The duo of Elgin Baylor and Jerry West made the Los Angeles Lakers a power in the NBA. West recalls his relationship with Baylor, who died Monday.

Baylor and Jerry West, then a promising rookie guard from West Virginia, meshed beautifully and in only their second season in Los Angeles, the Lakers were back in the Finals. During Baylor’s career, the Lakers were beaten seven times in the Finals by the Celtics and once by the Knicks, leaving one of the NBA’s greatest stars without a championship ring. Worse, in the eyes of many, Baylor, plagued by bad knees and trying to come back from surgery for a torn Achilles tendon, retired nine games into the 1971-72 season, the season the Lakers finally went all the way, beating the Knicks for L.A.’s first NBA championship.

Baylor’s prowess on the court didn’t quite carry over to his duties as general manager and vice president of basketball operations with the Clippers.
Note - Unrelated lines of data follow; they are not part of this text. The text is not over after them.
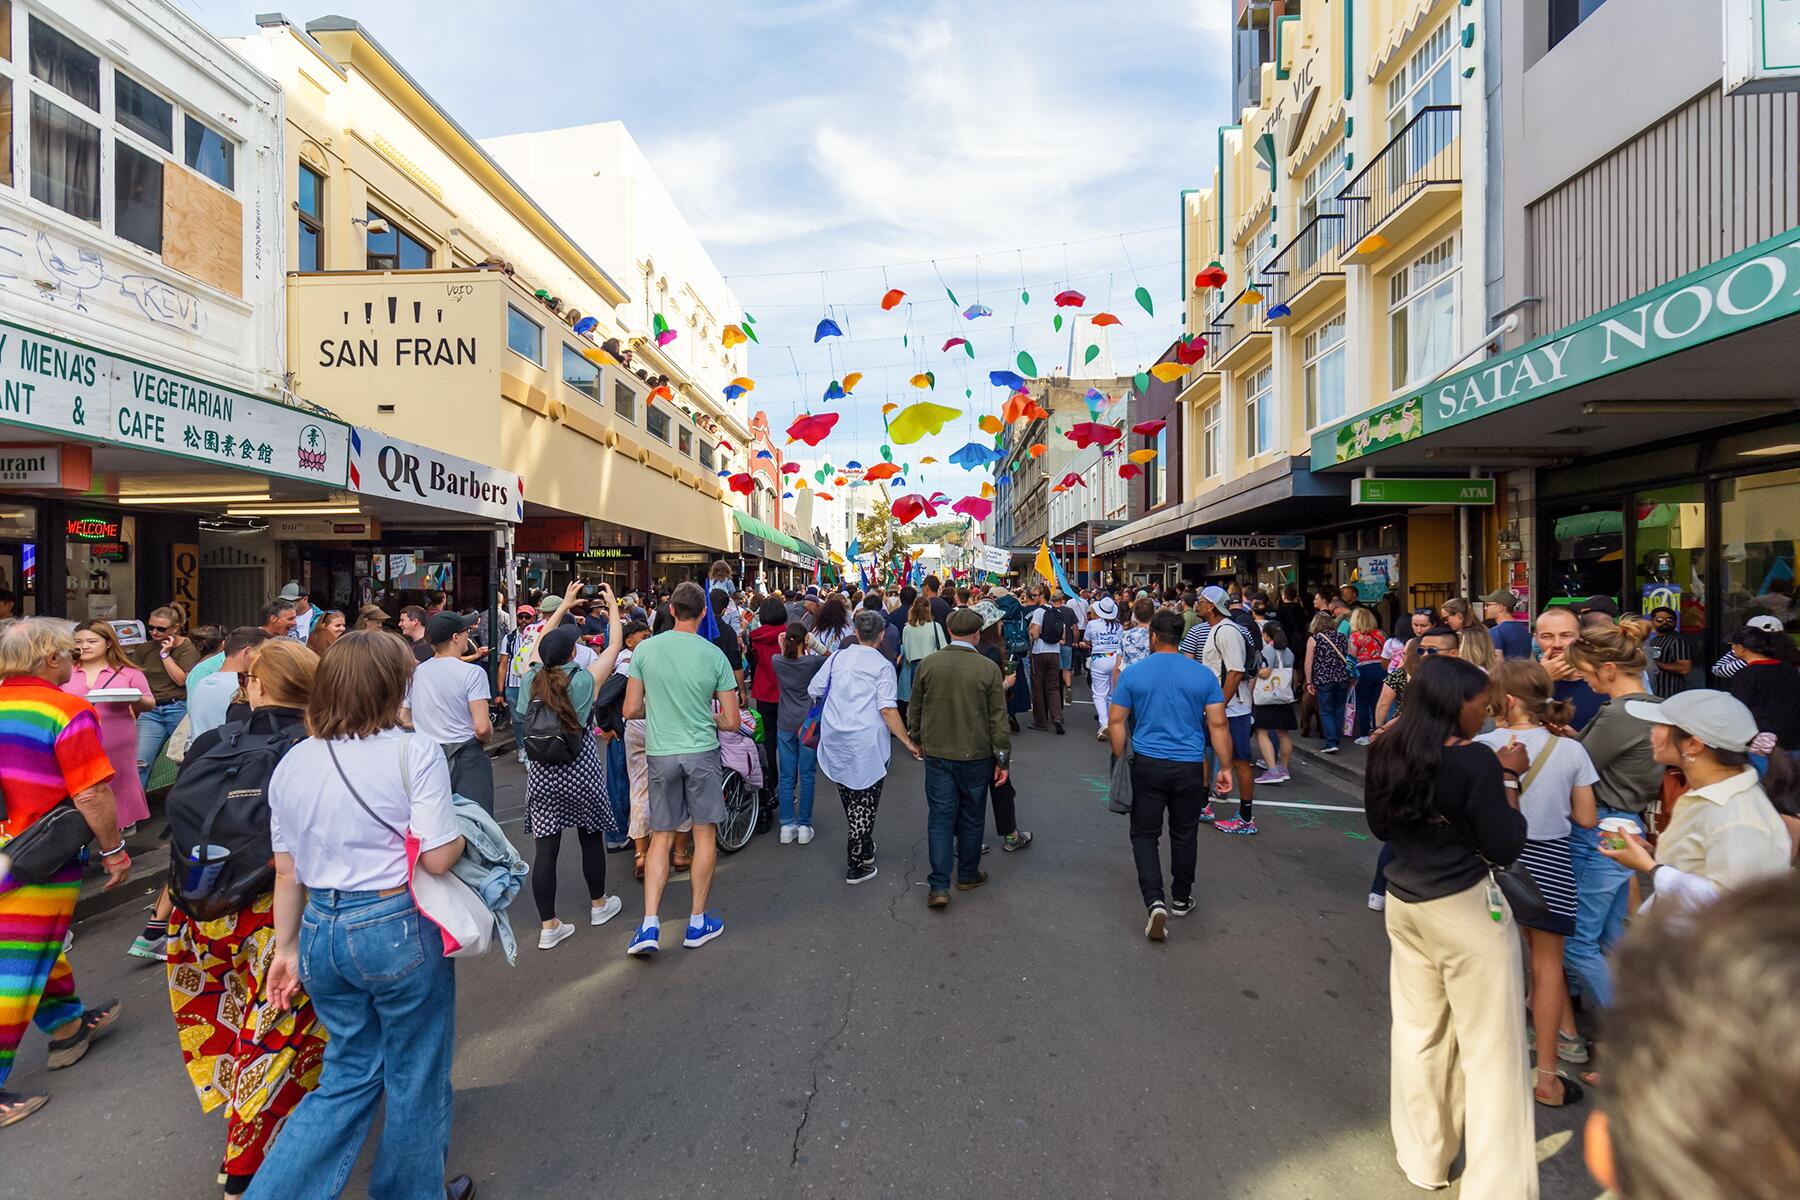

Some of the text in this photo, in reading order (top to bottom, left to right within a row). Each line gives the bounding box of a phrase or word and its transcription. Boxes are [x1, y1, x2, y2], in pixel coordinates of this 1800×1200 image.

[1293, 58, 1314, 102] VIC
[446, 284, 473, 296] VOID
[1438, 242, 1800, 419] SATAY NOO
[319, 337, 476, 367] SAN FRAN
[20, 339, 96, 387] MENA'S
[132, 370, 233, 422] VEGETARIAN
[0, 377, 165, 443] NT & CAFE
[183, 424, 275, 464] 松園素食館
[377, 445, 508, 506] QR Barbers
[1459, 487, 1488, 499] ATM
[67, 520, 118, 537] WELCOME
[1220, 536, 1276, 548] VINTAGE
[606, 549, 621, 557] NUN
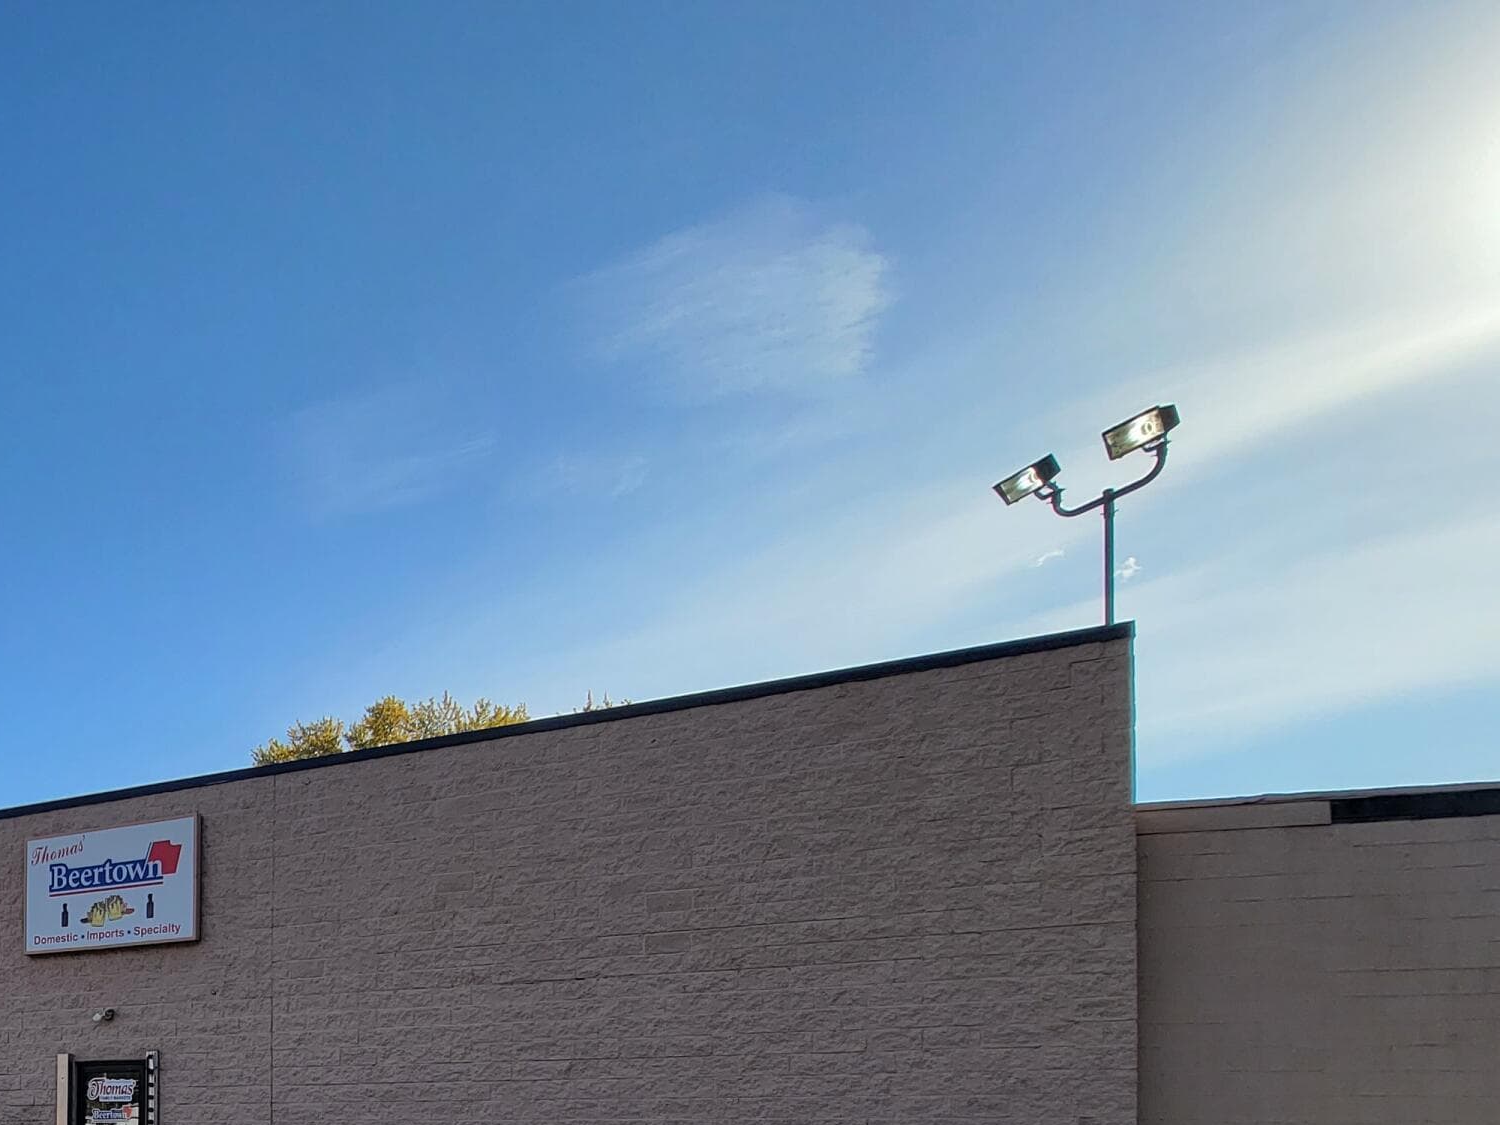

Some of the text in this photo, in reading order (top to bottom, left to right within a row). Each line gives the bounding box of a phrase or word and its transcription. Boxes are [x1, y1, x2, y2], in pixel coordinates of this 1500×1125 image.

[31, 835, 86, 865] Thomas'
[51, 859, 162, 890] Beertown
[34, 923, 181, 945] Domestic Imports Specialty
[90, 1079, 136, 1098] Thomas'
He was named NBA executive of the year in 2006, after the team had advanced to the second round in one of its then rare playoff appearances, but during his 22 years with the team, the Clippers had a .349 winning average — 619 games won, 1,153 lost — made the playoffs only four times and ran through 10 head coaches.
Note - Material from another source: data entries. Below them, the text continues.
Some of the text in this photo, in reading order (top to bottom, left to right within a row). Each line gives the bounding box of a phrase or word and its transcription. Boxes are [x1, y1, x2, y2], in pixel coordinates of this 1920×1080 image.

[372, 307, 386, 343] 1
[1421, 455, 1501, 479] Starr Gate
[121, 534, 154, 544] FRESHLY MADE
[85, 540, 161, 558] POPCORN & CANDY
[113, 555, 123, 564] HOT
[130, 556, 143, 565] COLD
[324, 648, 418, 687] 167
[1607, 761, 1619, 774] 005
While West, Baylor’s former teammate, was taking the Lakers to unprecedented success as their general manager, the Clippers struggled for mediocrity, and although Baylor’s Clippers tenure ranked among the longest for an NBA general manager, it ended acrimoniously in the fall of 2008, when the 74-year-old Baylor was either fired (his version) or resigned (the Clippers’ version).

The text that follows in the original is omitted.